The selection of David Ayer is also a significant gesture by DC. The former Navy-man has built his career on directing edgy and brutally realistic action films, which have received largely positive critical and audience reviews. One blip aside, he hasn’t really put a foot wrong, and given the gritty and violent nature of the subject matter he’ll be working with, it substantially boosts the film’s chances of being a huge hit.
There is a possibility, though, that cinema audiences are starting to go a little bit cold on superhero movies, and that writers need to start considerably upping their game when it comes to their output. The recent car-crash that was the Fantastic Four reboot indicates this, as does the lingering sense of dissatisfaction with ‘Age Of Ultron’. Big names and a few clever set-pieces do not a brilliant movie make. Working off what we know about the ‘Suicide Squad’ so far, how big a risk is the film to DC, and where might the potential mis-steps and pitfalls in the project crop up?
Please, let me be clear. This isn’t a hatchet job, or a fanboy whining about the differences from page to screen. I’m a film fan, just as much as I am a lover of comics. I wrote an article back in June about worrying that Jon Bernthal isn’t up to playing The Punisher in the next series of Daredevil.

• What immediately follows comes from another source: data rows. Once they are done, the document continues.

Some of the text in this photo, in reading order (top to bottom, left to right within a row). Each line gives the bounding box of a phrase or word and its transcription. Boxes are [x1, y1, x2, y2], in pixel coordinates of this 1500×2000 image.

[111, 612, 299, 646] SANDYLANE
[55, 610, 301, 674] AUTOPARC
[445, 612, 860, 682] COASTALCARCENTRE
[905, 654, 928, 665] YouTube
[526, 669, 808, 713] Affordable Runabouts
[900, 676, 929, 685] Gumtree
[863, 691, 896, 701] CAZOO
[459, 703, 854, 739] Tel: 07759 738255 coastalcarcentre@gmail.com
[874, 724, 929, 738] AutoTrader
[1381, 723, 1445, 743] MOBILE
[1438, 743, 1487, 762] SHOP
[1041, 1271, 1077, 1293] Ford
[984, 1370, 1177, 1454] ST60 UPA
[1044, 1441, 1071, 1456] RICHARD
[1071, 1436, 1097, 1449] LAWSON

I still stand by that article, I don’t think he is. But I don’t feel the same way about David Ayer. Other than the criminally poor ‘Sabotage’, every other piece of work he has put in has been thoroughly engaging, and I fully expect and anticipate Suicide Squad to be a success. But as the recent pervading sense of failure that surrounded Age Of Ulton persists, it shows a decent superhero movie is about more than just box office returns. And that’s the purpose for airing my concerns in this article. I don’t want this project to be Suicide Squad Lite, I want it to guarantee that these characters are around for a long time to come, and not just propping up internet film lists for years to come.
5. The Rating
It was recently announced that the film would be released as a PG-13, the justification for this being given that the studio wanted the film to be “tonally consistent” with the other films in the series. To say this is a disappointment is an understatement, and kind of undermines the whole concept of DC utilizing their edgier material.

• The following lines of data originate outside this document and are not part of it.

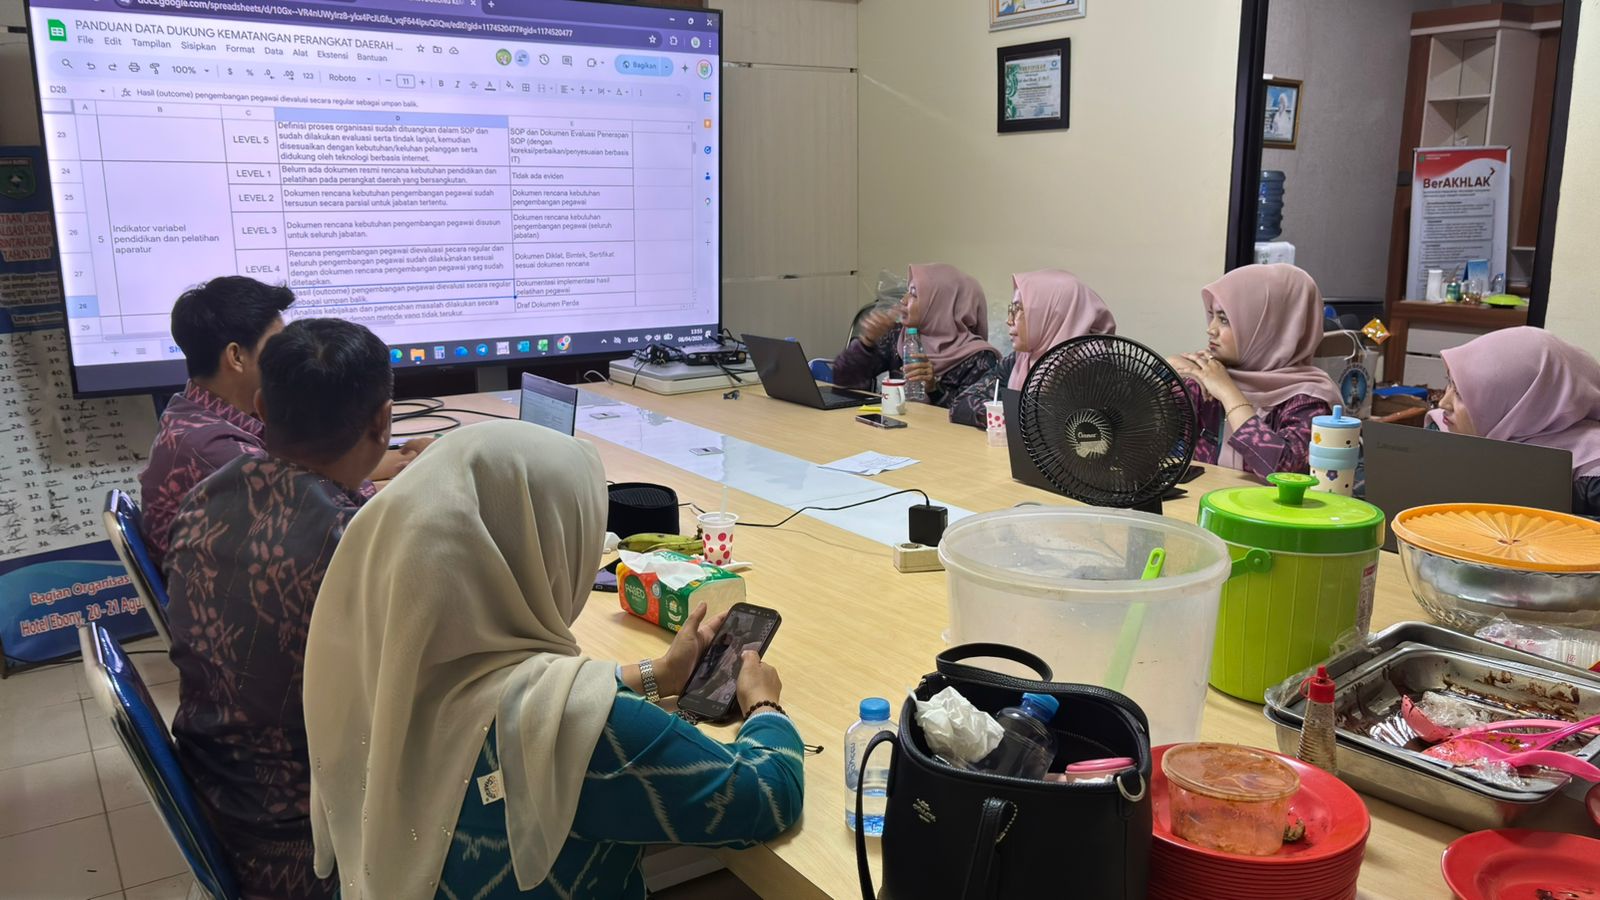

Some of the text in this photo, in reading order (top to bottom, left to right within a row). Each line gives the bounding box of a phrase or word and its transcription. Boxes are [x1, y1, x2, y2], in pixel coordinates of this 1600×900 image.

[75, 20, 393, 49] PANDUAN DATA DUKUNG KEMATANGAN PERANGKAT DAERAH
[76, 35, 387, 61] File Edit Tampilan Sisipkan Format Data Alat Ekstensi Bantuan
[172, 66, 196, 74] 100%
[329, 73, 356, 82] Roboto
[136, 88, 154, 96] Hasil
[155, 89, 193, 100] (outcome)
[194, 90, 249, 102] pengembangan
[250, 93, 278, 103] pegawai
[332, 96, 354, 107] regular
[355, 97, 380, 108] sebagai
[277, 121, 488, 135] Definisi proses organisasi sudah dituangkan dalam SOP dan
[232, 135, 261, 143] LEVEL
[278, 131, 302, 139] sudah
[303, 132, 340, 140] dilakukan
[341, 132, 371, 141] evaluasi
[392, 134, 414, 142] tindak
[437, 135, 470, 143] kemudian
[539, 128, 569, 136] Dokumen
[570, 129, 595, 137] Evaluasi
[596, 130, 629, 140] Penerapan
[510, 136, 552, 147] SOP (dengan
[279, 141, 325, 150] disesuaikan
[326, 142, 354, 153] dengan
[423, 144, 459, 154] pelanggan
[280, 151, 315, 162] didukung
[317, 152, 333, 160] oleh
[334, 152, 368, 162] teknologi
[370, 152, 400, 161] berbasis
[235, 169, 264, 178] LEVEL
[446, 166, 483, 176] pendidikan
[282, 175, 317, 185] pelatihan
[318, 175, 338, 185] pada
[338, 175, 375, 185] perangkat
[1424, 176, 1490, 188] BerAKHLAK
[238, 194, 266, 202] LEVEL
[390, 188, 444, 198] pengembangan
[444, 188, 472, 198] pegawai
[345, 198, 369, 208] parsial
[392, 198, 418, 208] jabatan
[512, 197, 586, 207] pengembangan pegawai
[112, 223, 186, 232] Indikator variabel
[286, 220, 322, 228] Dokumen
[354, 219, 392, 227] kebutuhan
[392, 218, 445, 229] pengembangan
[446, 218, 474, 228] pegawai
[475, 218, 500, 226] disusun
[513, 221, 612, 231] pengembangan pegawai (seluruh
[241, 226, 269, 234] LEVEL
[310, 230, 337, 238] seluruh
[513, 230, 540, 241] jabatan)
[113, 233, 219, 245] pendidikan dan pelatihan
[114, 245, 153, 256] aparatur
[245, 265, 273, 273] LEVEL
[31, 577, 130, 605] Bagian Organisas
[21, 618, 48, 636] Hotel
[50, 611, 85, 630] Ebony,
[121, 598, 144, 615] Agu

Using the 2011 ‘New 52’ version of Task Force X, which is what Ayer’s incarnation appears to be drawing heavily from, the books are bloodily violent. Men, women and children are killed, their lives deemed less relevant than Amanda Waller’s overall game plan. Limbs are lost, a football stadium full of victims are eviscerated and incinerated. There’s no way a PG13 can live up to that, which causes a concern that the characters are all going to be little more than watered down versions of themselves. Ayer’s films have never shied away from showing brutally realistic injuries and deaths, if the studio is affecting his ability to do that, it may well impair the quality of the end product.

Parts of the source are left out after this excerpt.